Capturing Cultural Clues Cross Country (and back!)

33 days after departing New Mexico, we end our journey, but not where we started, and not as the same people that departed. In thirty three days Amil and I slept in 19 and 17 different places, respectively. We saw 34 family and friends as well as 6 dogs and 6 cats. We visited 6 national parks and forests, ate 5 different kinds of edible wild mushrooms and went to farmers markets. What really made this journey spectacular, however, is not the quantity of our adventures, but how each stop on our journey crafted our personalities. We learned from each group of hosts about who we are, who we aren’t, what we need and what we don’t. In this essential time of transition between the transient life and the rooted life, the lessons we learned on the way will likely prove invaluable. 
What follows is a summary in hindsight of cross country travels- from Thoreau, New Mexico to New York City and back to Southern California.
“I want you to think about something while I’m gone this next week,” I started, as we zoomed down the highway toward the airport, under the usual variant New Mexican sky. I explained the possibility that our boss had presented to me in my end of summer evaluation. She had expressed interest in having us as a couple to work as collaborators of the Environmental Education center and caretakers of an Open Space in Albuquerque.

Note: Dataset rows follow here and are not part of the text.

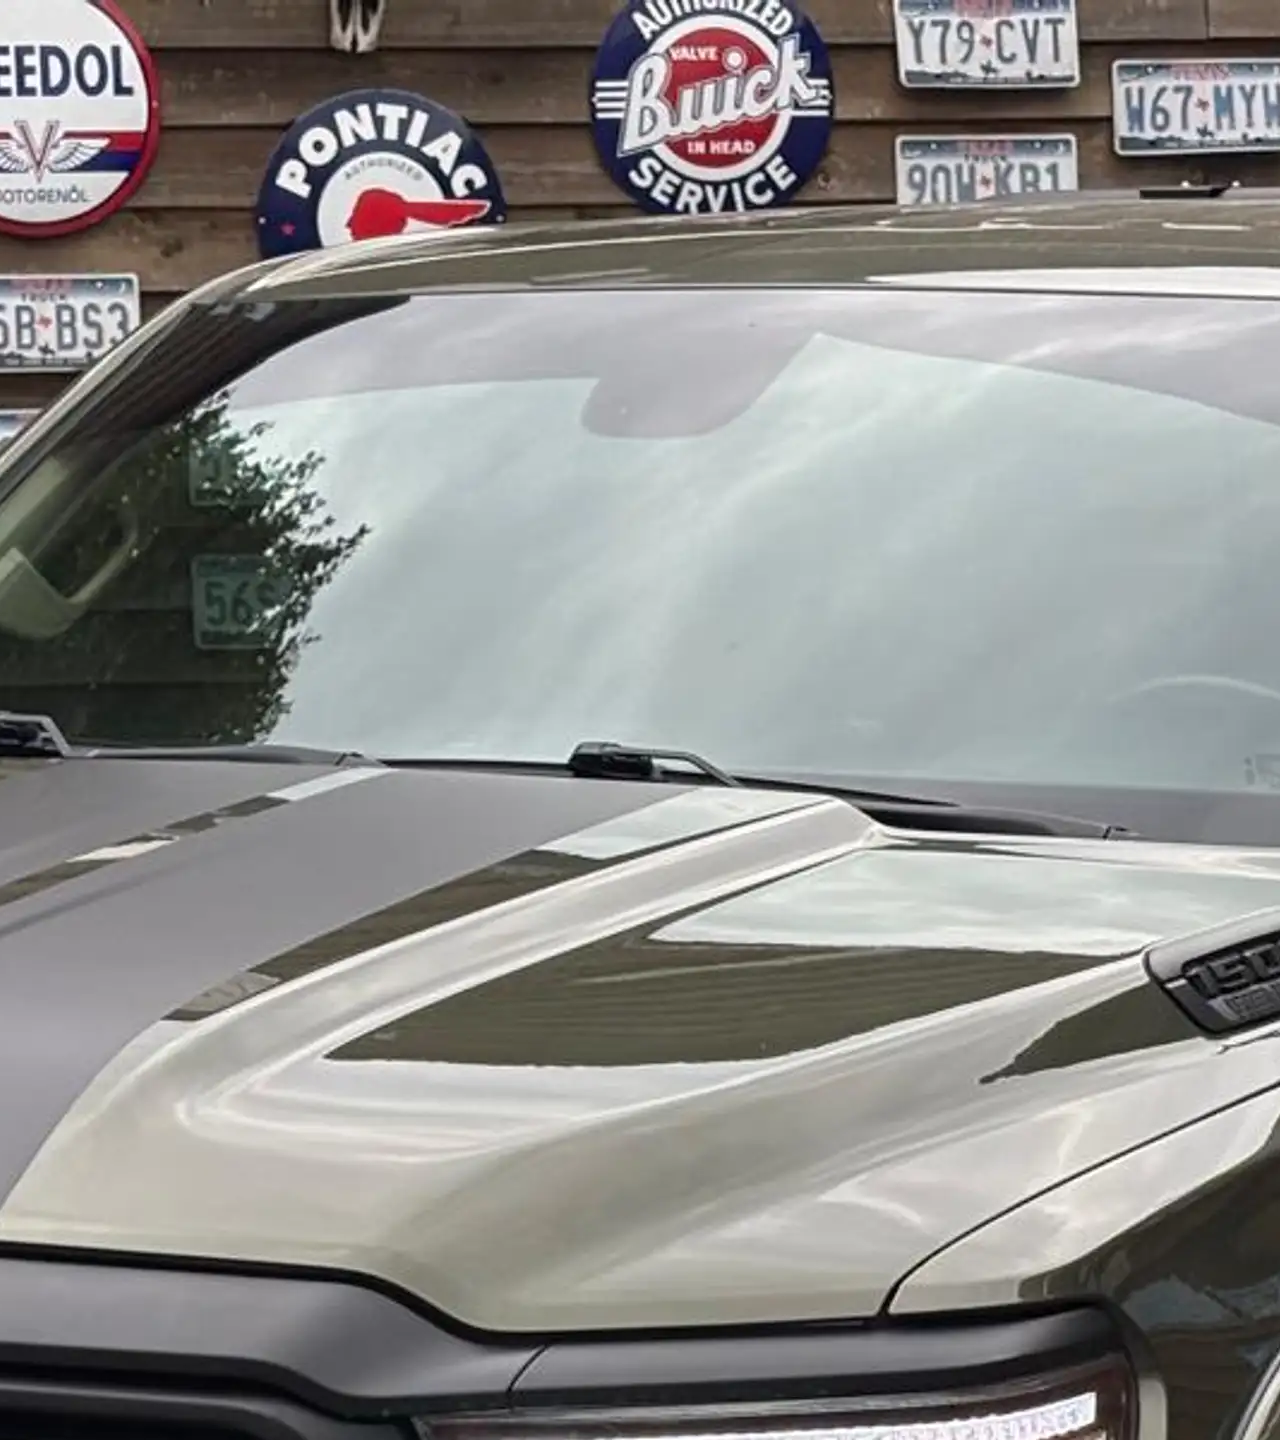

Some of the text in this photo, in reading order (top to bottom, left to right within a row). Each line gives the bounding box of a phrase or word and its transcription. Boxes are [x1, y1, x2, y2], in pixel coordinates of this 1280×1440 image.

[671, 46, 719, 62] VALVE
[617, 32, 817, 158] Buick
[275, 102, 488, 199] PONTIAC
[688, 140, 757, 155] IN HEAD
[628, 155, 798, 215] SERVICE

She had mentioned it at the beginning of the summer when everything seemed so solid- fall work at an outdoor science school, back home for Christmas, move out, get ready for the wedding, get married, honeymoon, come back for another summer then off to graduate school… But now, after a summer of valleys and vistas, learning, teaching, growing and falling more in love with simple routines and desert life, our solid plans didn’t seem as rigid. After all the flexibility of the summer, this seemed like an obvious opportunity.
At the sunport, we hugged and kissed our “see-ya-laters.” Saying adieu for a week seemed like nothing after several multiple-month sessions without seeing each other. Then we were off- me to Texas to volunteer at a week-long summer camp, and Amil to continue with our originally planned road trip up to Colorado to catch a train to Chicago.